An Open Table Format (e.g., Apache Iceberg, Apache Hudi, Delta Lake) defines specifications for organizing and managing large analytical datasets stored in data lakes (like S3, GCS). They bring reliability features like ACID transactions, schema evolution guarantees, time travel, and performance optimizations (partitioning, compaction) directly to lake storage, enabling Data Lakehouse architectures. RisingWave can integrate with these formats, particularly Iceberg, as sinks for building real-time lakehouses.

P

Parallelism / Parallel Execution (RW Specific)

Parallelism in RisingWave refers to the execution of different parts of a streaming dataflow graph concurrently across multiple Compute Nodes or even multiple CPU cores within a node. RisingWave automatically parallelizes streaming jobs based on data partitioning and available resources to achieve high throughput and scalability. The degree of parallelism can often be configured to match the workload and cluster size.

Partitioning (Data Lake / Table Format)

Partitioning in the context of data lakes and open table formats involves organizing data files into separate directories based on the values of specific columns (e.g., date, region, customer ID). This physical layout allows query engines to skip reading irrelevant data, significantly improving query performance by reducing the amount of data scanned. Table formats like Iceberg manage partitioning complexity and allow partition schemes to evolve over time.

PostgreSQL Compatibility (RW Specific Feature)

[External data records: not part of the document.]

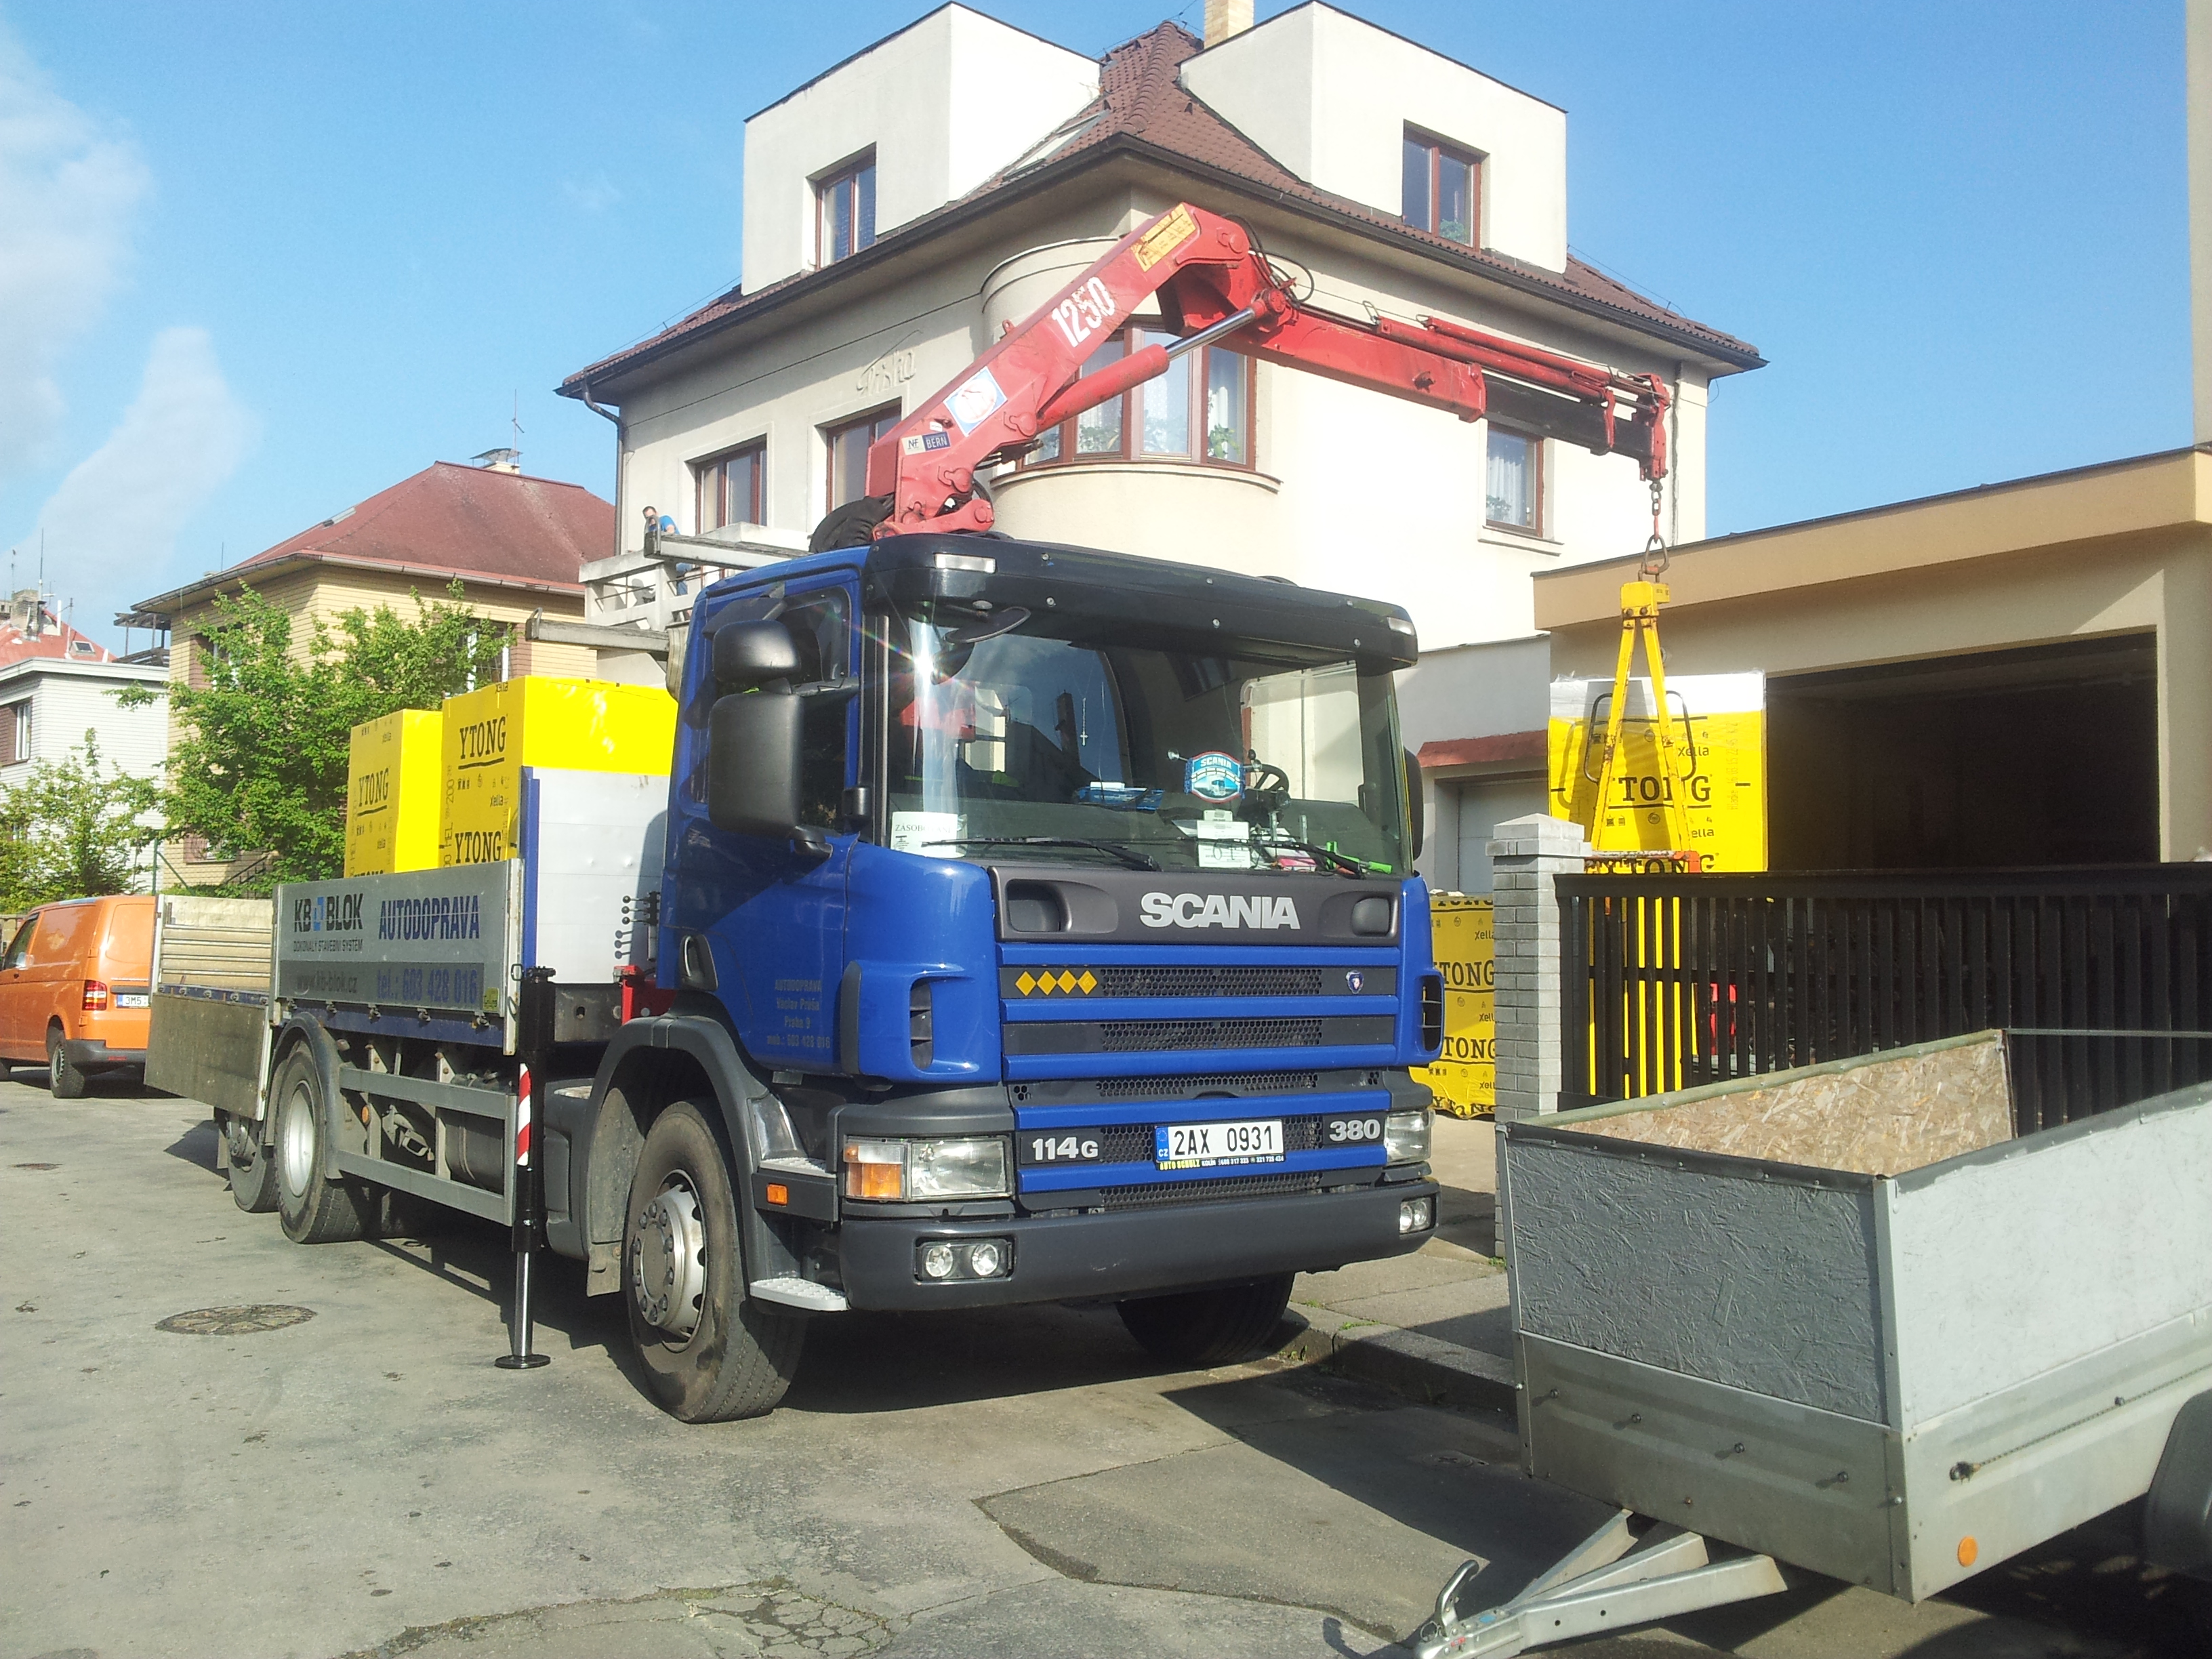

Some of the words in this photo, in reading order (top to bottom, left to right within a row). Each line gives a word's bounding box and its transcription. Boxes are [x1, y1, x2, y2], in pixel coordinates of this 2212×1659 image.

[1051, 276, 1115, 348] 1250
[926, 436, 948, 449] BERN
[459, 716, 506, 760] YTONG
[1200, 756, 1232, 770] SCANIA
[359, 767, 390, 807] YTONG
[1609, 776, 1711, 802] TOG
[455, 831, 501, 864] YTONG
[1692, 828, 1715, 838] ella
[293, 898, 312, 933] KB
[325, 893, 364, 931] BLOK
[377, 895, 480, 941] AUTODOPRAVA
[1140, 892, 1301, 930] SCANIA
[428, 968, 450, 1003] 428
[454, 968, 478, 1004] 016
[1433, 960, 1494, 987] TONG
[1444, 1036, 1495, 1059] TONG
[1174, 1128, 1210, 1156] 2AX
[1227, 1125, 1273, 1152] 0931
[1329, 1119, 1380, 1142] 380
[1158, 1148, 1168, 1158] CZ
[1160, 1161, 1176, 1170] AUTO
[1176, 1159, 1200, 1169] SCHULZ
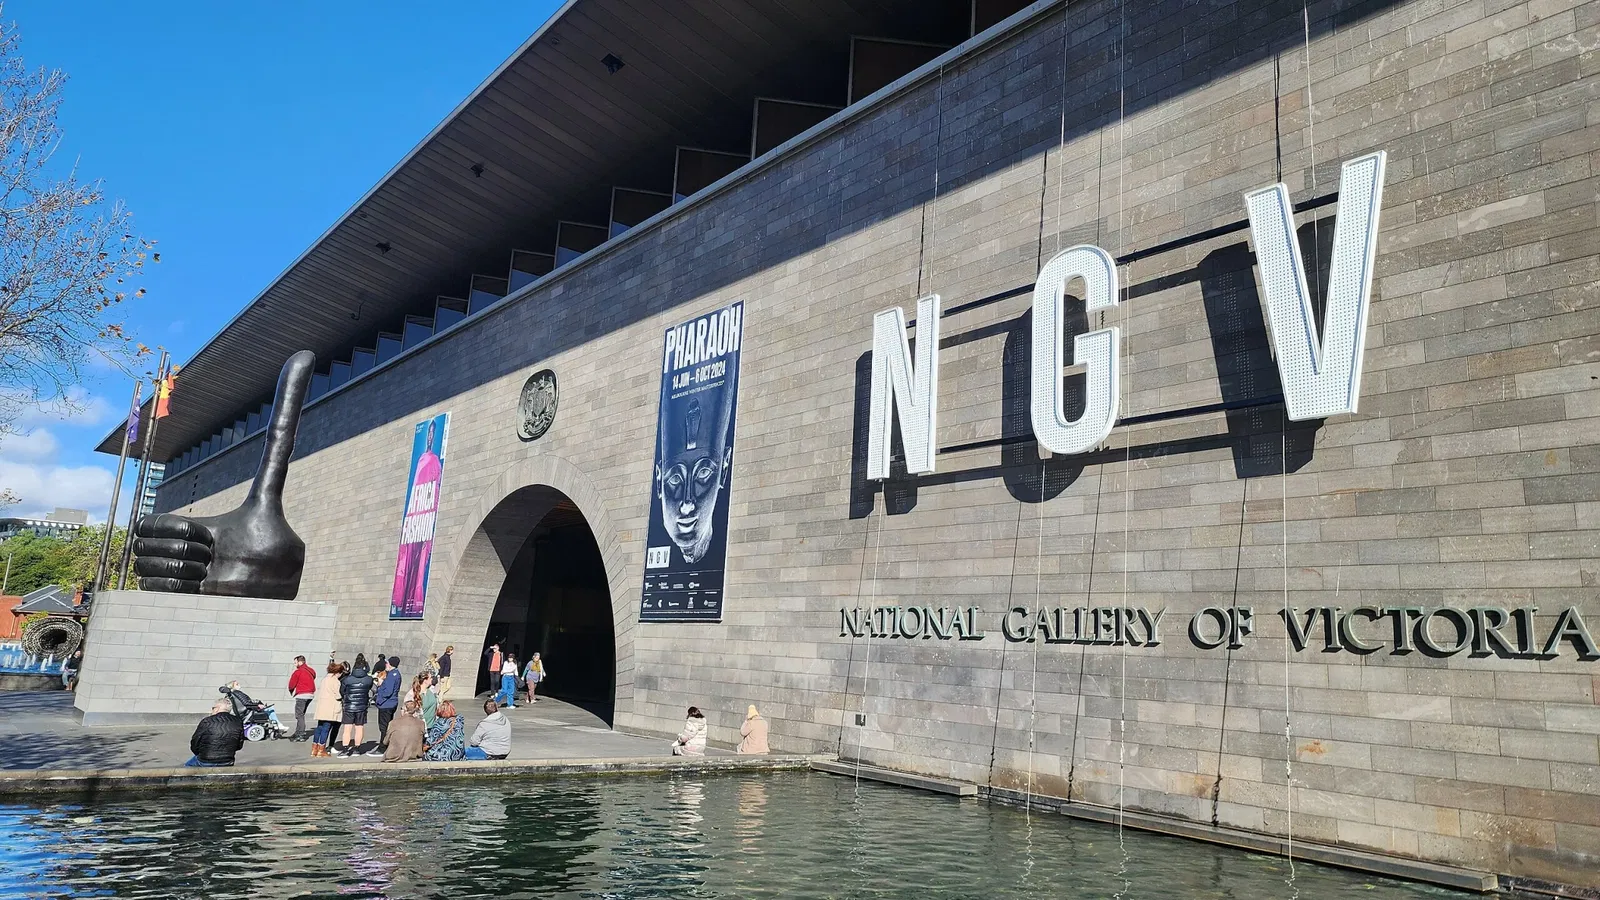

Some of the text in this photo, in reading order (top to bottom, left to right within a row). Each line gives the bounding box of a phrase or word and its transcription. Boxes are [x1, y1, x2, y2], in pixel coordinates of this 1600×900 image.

[663, 305, 742, 374] PHARAOH
[672, 374, 679, 390] 14
[700, 364, 712, 382] OCT
[711, 359, 726, 379] 2024
[407, 481, 437, 514] AFRICA
[401, 511, 436, 545] FASHION
[839, 604, 1600, 661] NATIONAL GALLERY OF VICTORIA
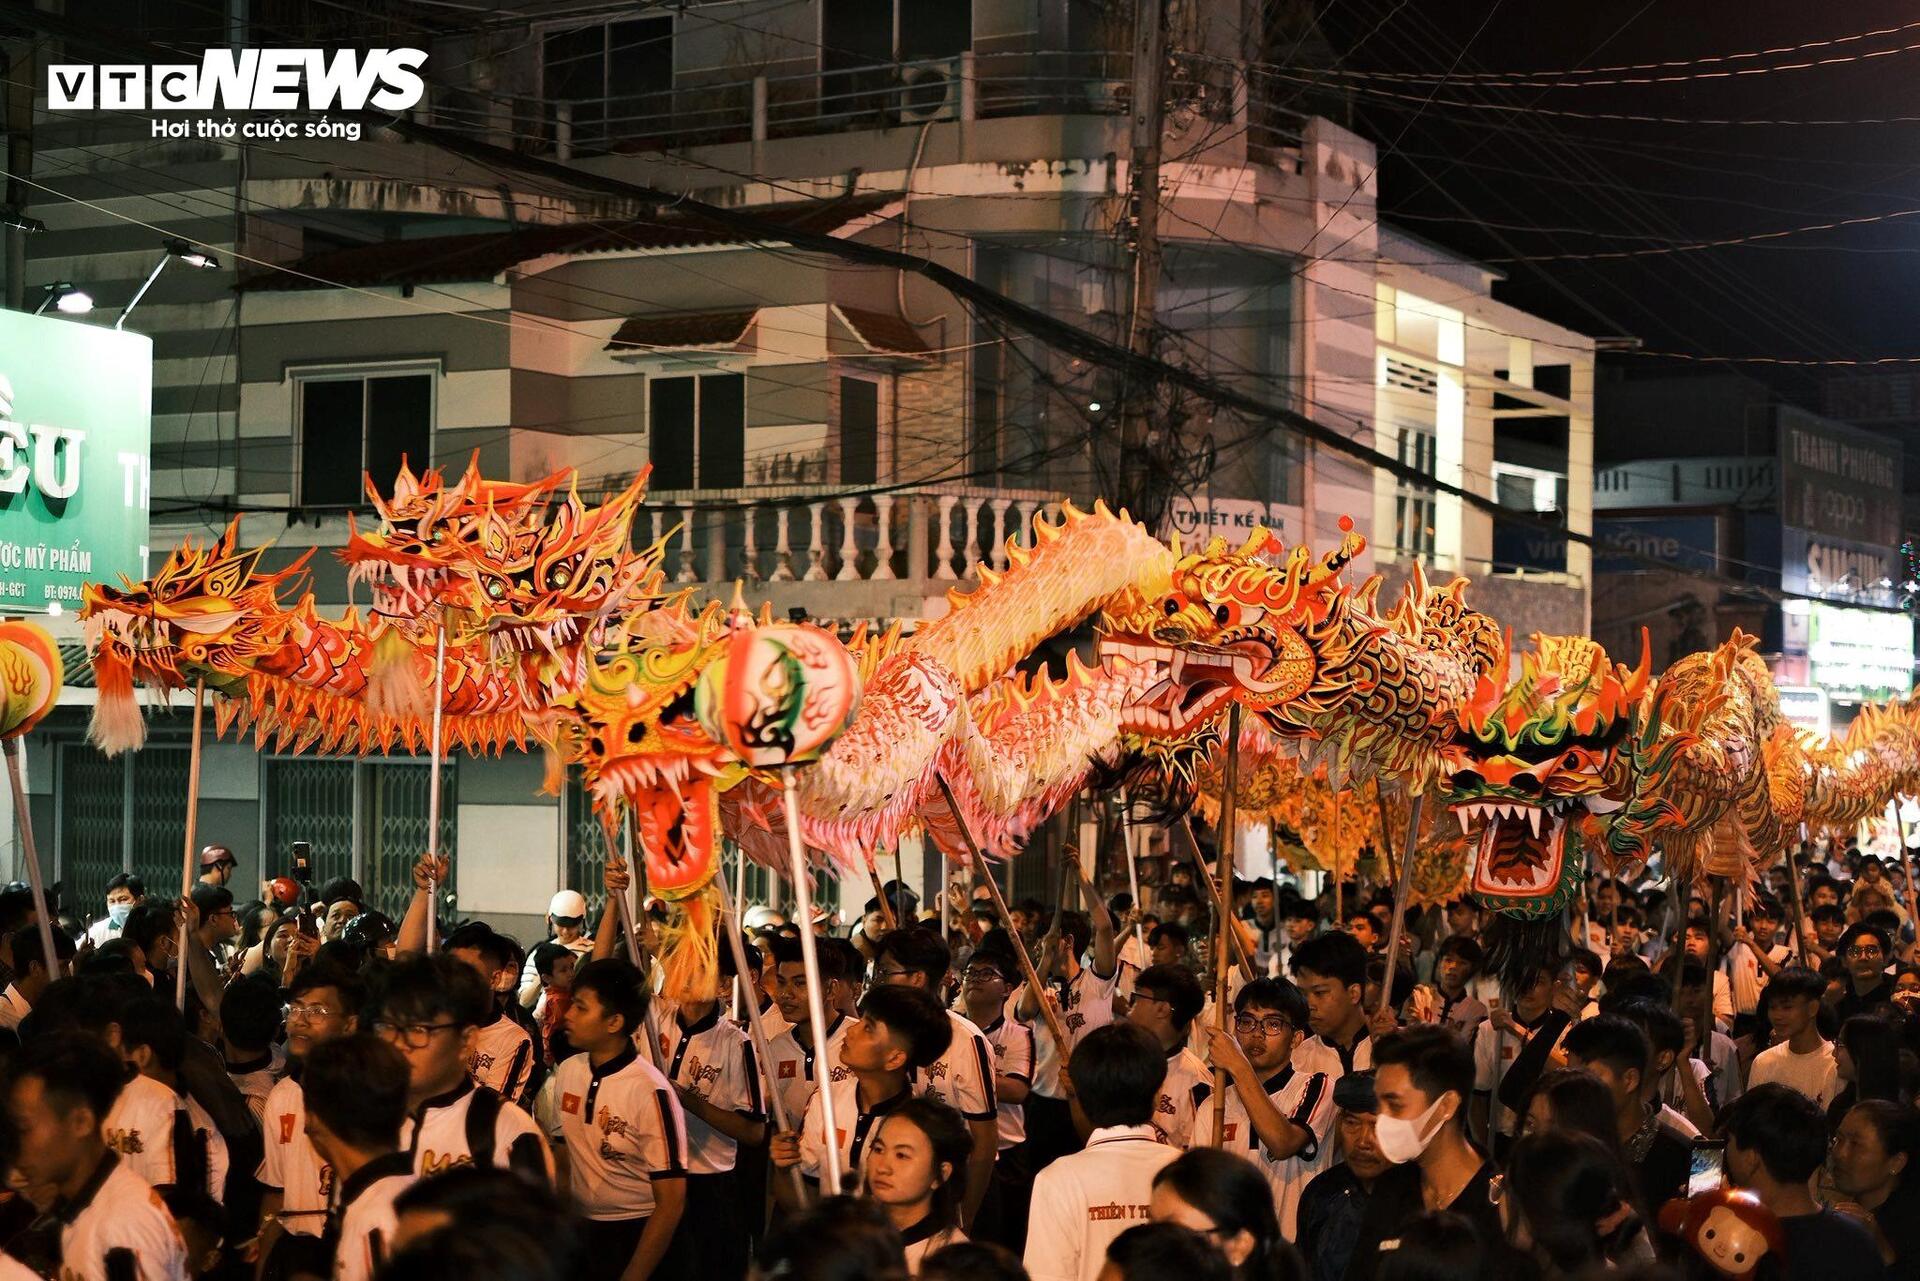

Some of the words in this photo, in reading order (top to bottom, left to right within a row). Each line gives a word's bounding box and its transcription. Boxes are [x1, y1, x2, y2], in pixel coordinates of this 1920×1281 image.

[1176, 506, 1229, 525] THIẾT
[1234, 509, 1255, 528] KẾ
[25, 543, 47, 571] MỸ
[49, 538, 91, 574] PHẨM
[1088, 1201, 1126, 1221] THIÊN
[1128, 1205, 1137, 1219] Y

PostgreSQL Compatibility means that RisingWave aims to understand the PostgreSQL SQL dialect and communicate using the PostgreSQL wire protocol. This allows users familiar with PostgreSQL to leverage their existing SQL knowledge when writing streaming queries in RisingWave. It also enables compatibility with a wide range of standard PostgreSQL client tools, libraries, and BI tools for connecting and interacting with RisingWave.

Processing Time

Processing Time refers to the time at the stream processing system's internal clock when a specific event is processed or an operation occurs. Processing based on Processing Time is simpler than Event Time as it doesn't require handling out-of-order events or watermarks. However, results can be non-deterministic and sensitive to system load or processing delays, making it less suitable for applications requiring accuracy based on when events actually happened.

Projection (Streaming)

Projection in streaming involves selecting specific fields (columns) from data events and potentially transforming their values as they flow through a pipeline. It's a common stateless operation used to reshape data, remove unnecessary fields to reduce data size, or prepare data for subsequent processing steps. In RisingWave, projection is typically handled by the `SELECT` clause in SQL queries.

R

Real-time Data Processing

Real-time Data Processing involves analyzing and acting on data almost instantaneously as it is generated or received, typically within milliseconds or seconds. This contrasts with traditional batch processing which operates on large, static datasets with higher latency. Streaming systems like RisingWave are specifically designed for real-time data processing, enabling immediate insights and automated responses.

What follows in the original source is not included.